▶ **Referring expression grounding data**
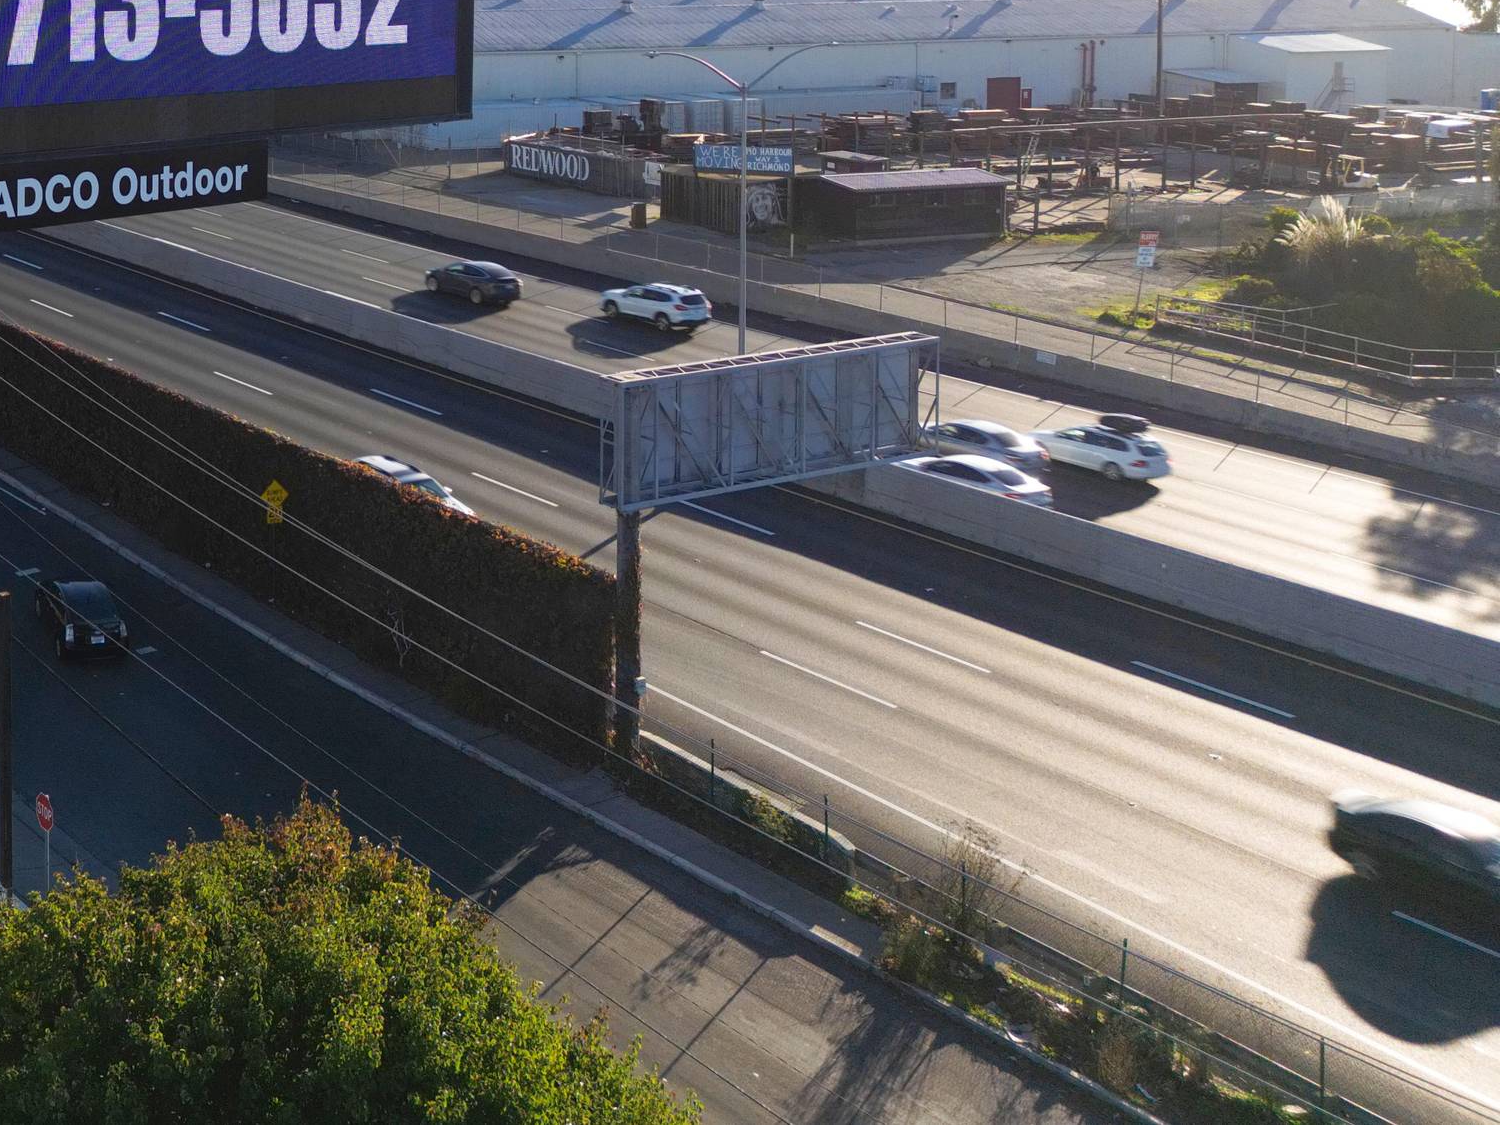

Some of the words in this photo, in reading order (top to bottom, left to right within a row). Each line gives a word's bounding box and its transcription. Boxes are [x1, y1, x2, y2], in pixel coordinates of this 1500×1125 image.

[511, 144, 589, 181] REDWOOD
[696, 156, 742, 169] MOVING
[747, 162, 790, 172] RICHMOND
[112, 161, 249, 204] Outdoor
[37, 801, 52, 821] STOP
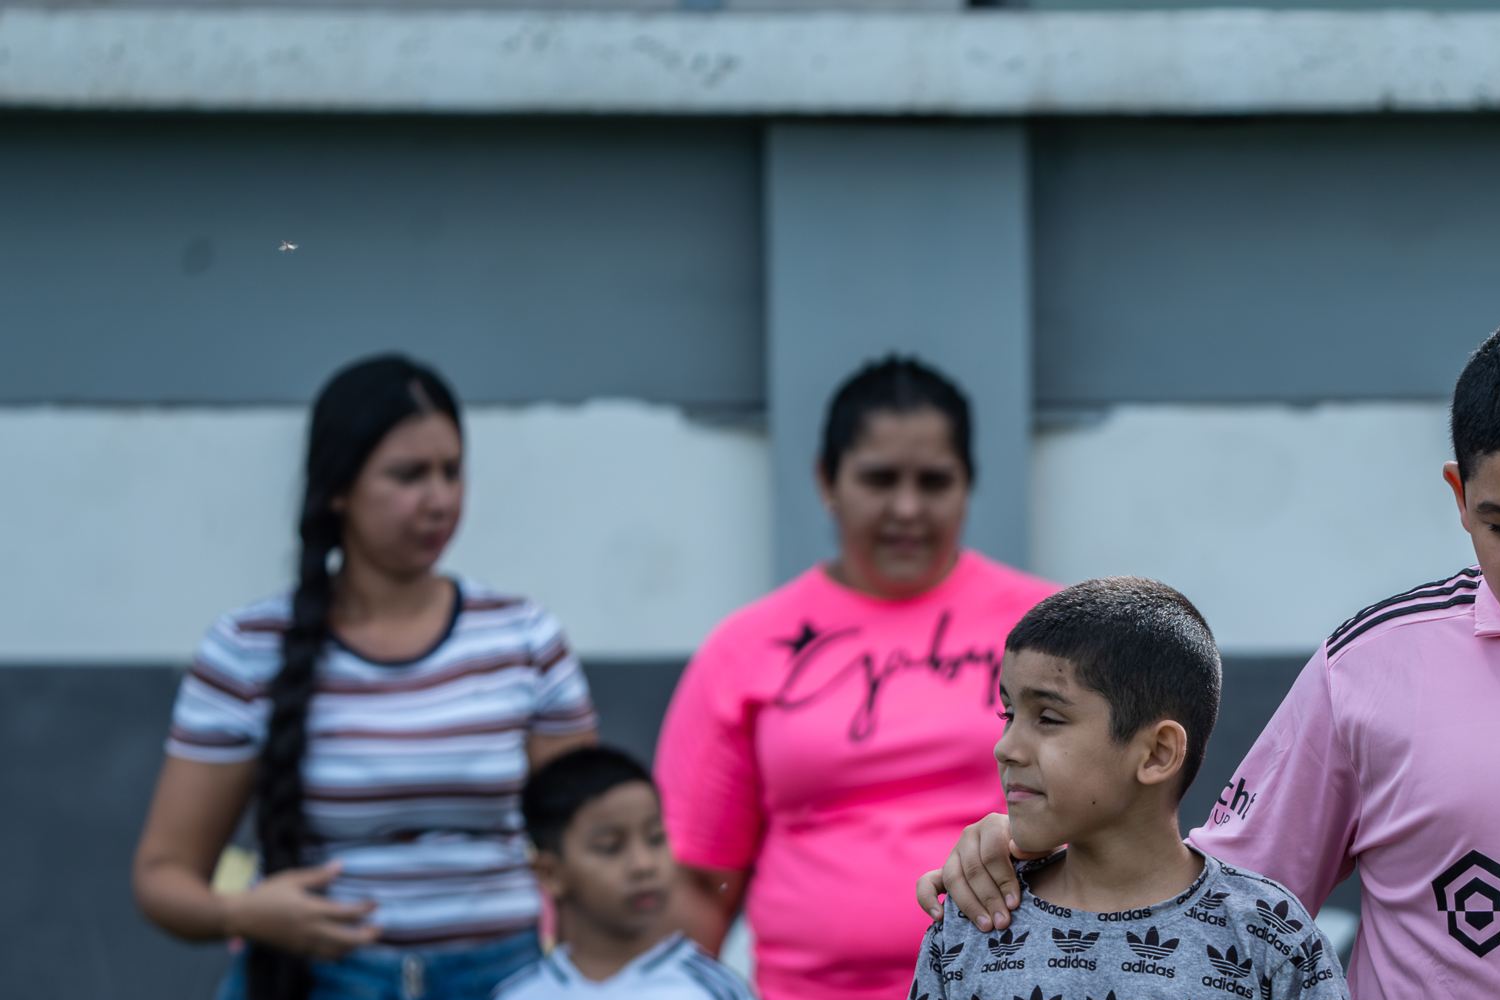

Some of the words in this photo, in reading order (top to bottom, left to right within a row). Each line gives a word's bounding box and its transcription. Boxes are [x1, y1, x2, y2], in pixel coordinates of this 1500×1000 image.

[1217, 777, 1257, 820] cht
[1097, 906, 1152, 922] adidas
[1184, 906, 1227, 927] didas
[1246, 924, 1293, 956] adidas
[981, 957, 1025, 973] adidas
[1048, 955, 1097, 971] adidas
[1121, 960, 1175, 978] adidas
[1202, 976, 1253, 999] adidas

▶ **What is being asked**
Leave out the pictures and print each record exactly as it stands.

▶ **Solution to this problem**
Some of the words in this photo, in reading order (top to bottom, left to right within a row). Each line gives a word's bounding box and its transcription. Boxes are [x1, y1, x2, y2], in pixel coordinates of this 1500×1125 image.

[511, 144, 589, 181] REDWOOD
[696, 156, 742, 169] MOVING
[747, 162, 790, 172] RICHMOND
[112, 161, 249, 204] Outdoor
[37, 801, 52, 821] STOP

Some of the words in this photo, in reading order (top to bottom, left to right within a row). Each line gives a word's bounding box and its transcription. Boxes are [x1, y1, x2, y2], in pixel coordinates of this 1500×1000 image.

[1217, 777, 1257, 820] cht
[1097, 906, 1152, 922] adidas
[1184, 906, 1227, 927] didas
[1246, 924, 1293, 956] adidas
[981, 957, 1025, 973] adidas
[1048, 955, 1097, 971] adidas
[1121, 960, 1175, 978] adidas
[1202, 976, 1253, 999] adidas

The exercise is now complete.